My Software Release Process

Just about everyone who maintains software has some opinions on how to manage releases. Some prefer fully automated release. Others prefer a slightly more manual approach, with custom automation for their preferred workflows. There are a variety of opinions on how to write release notes. Everyone has their own style. This post is sharing what my current favorite style and tooling is, which is of course, subject to change.

I’d describe my process as mostly automated, but manual enough to feel deliberate. I also like my process to be largely platform-agnostic (i.e., I ignore GitHub “Releases” entirely). I’ve taken bits and pieces, like most people do, from other software that I enjoy.

Most of my software follows conventional commits, which I enjoy both for its human readability, but also for how it lends itself to some automations.
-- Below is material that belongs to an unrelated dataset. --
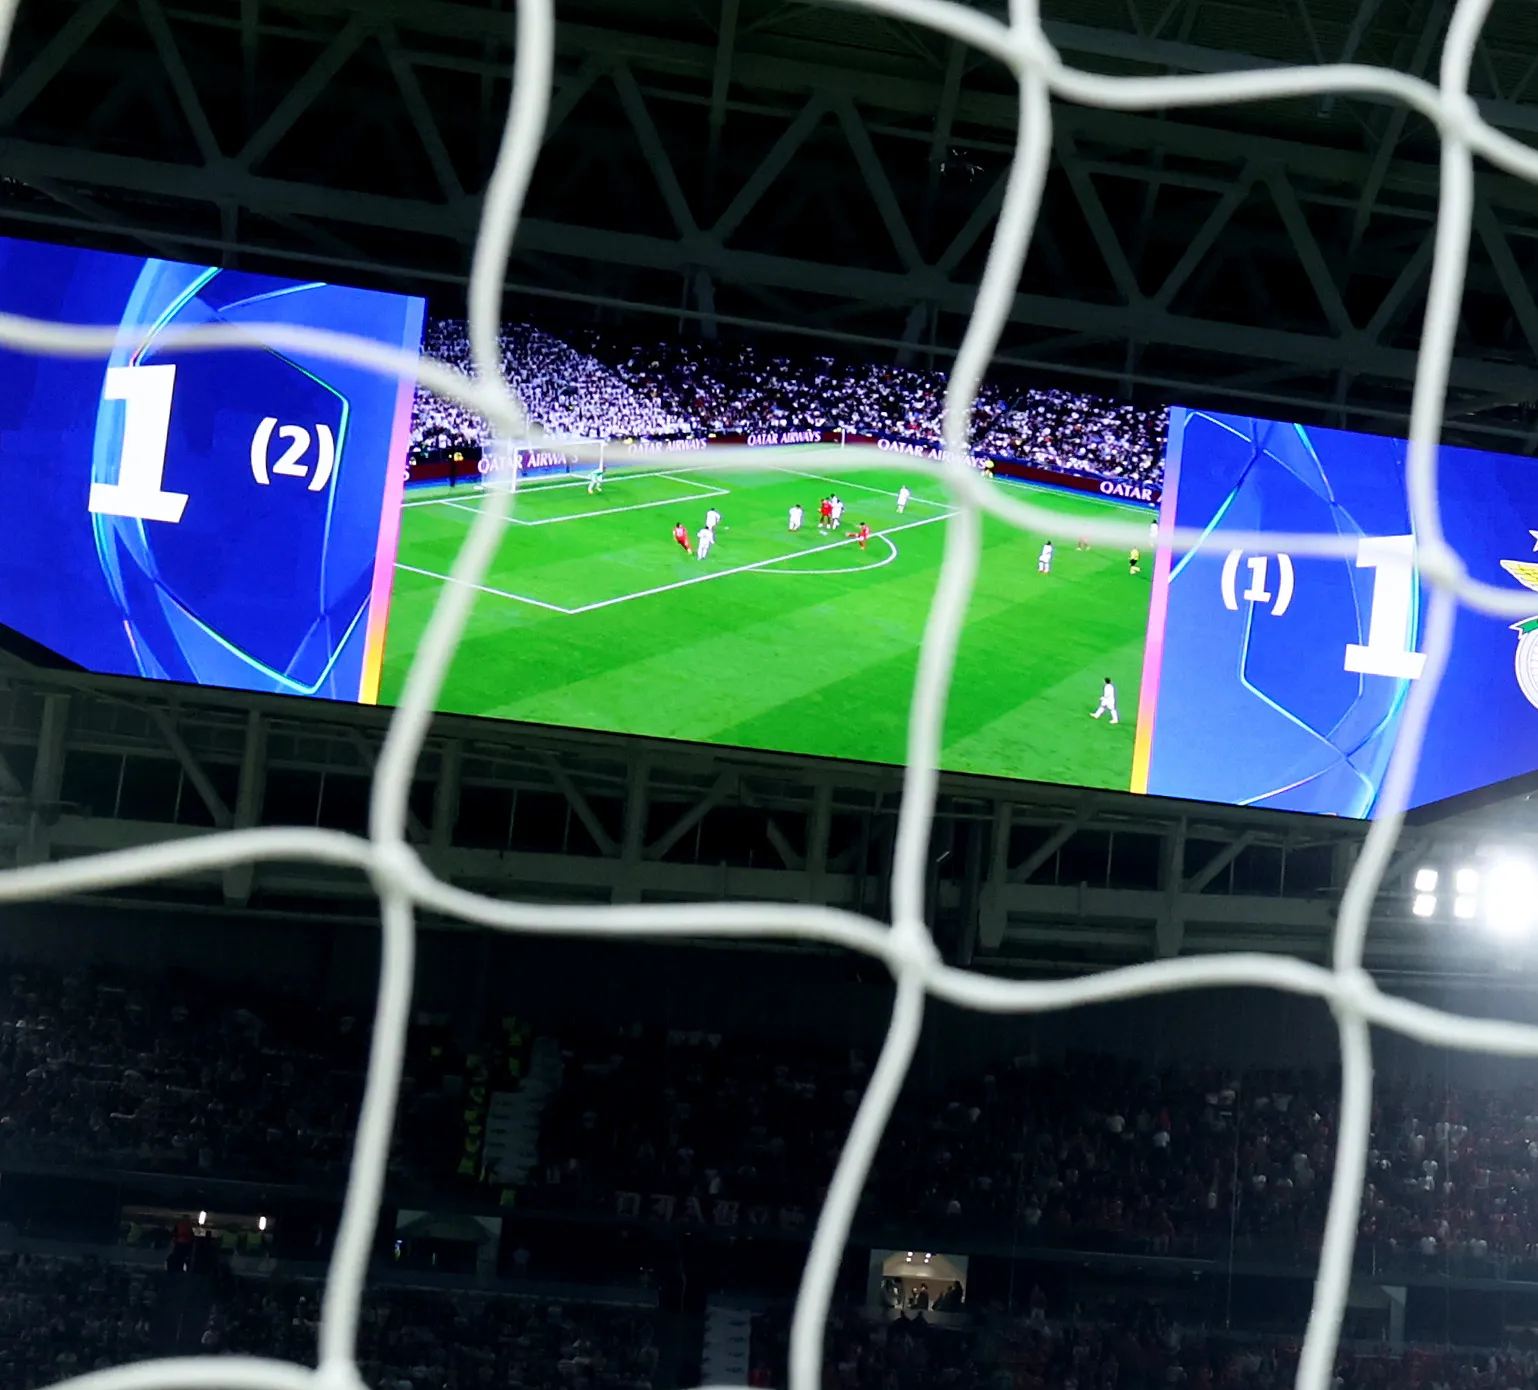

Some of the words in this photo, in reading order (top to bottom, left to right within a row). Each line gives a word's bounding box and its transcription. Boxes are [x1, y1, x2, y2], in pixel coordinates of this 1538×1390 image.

The main tools I use are:

  • git-cliff: A highly customizable changelog generator that follows conventional commits specs
  • just: A modern command runner
  • semver-ish scripts: bump versions, make tags, embed shortlog information, etc.
  • whatever the language-standard package manager is (e.g., cargo, poetry, etc.)

Prior to this flow I settled on, I used to maintain a Rust rewrite of semver. But, it felt odd to have to still customize the process with contrib/ scripts for each repository and call out to some other tool.

Now, I just embed everything into the Justfile for a repository. Here are relevant bits as an example from openring-rs.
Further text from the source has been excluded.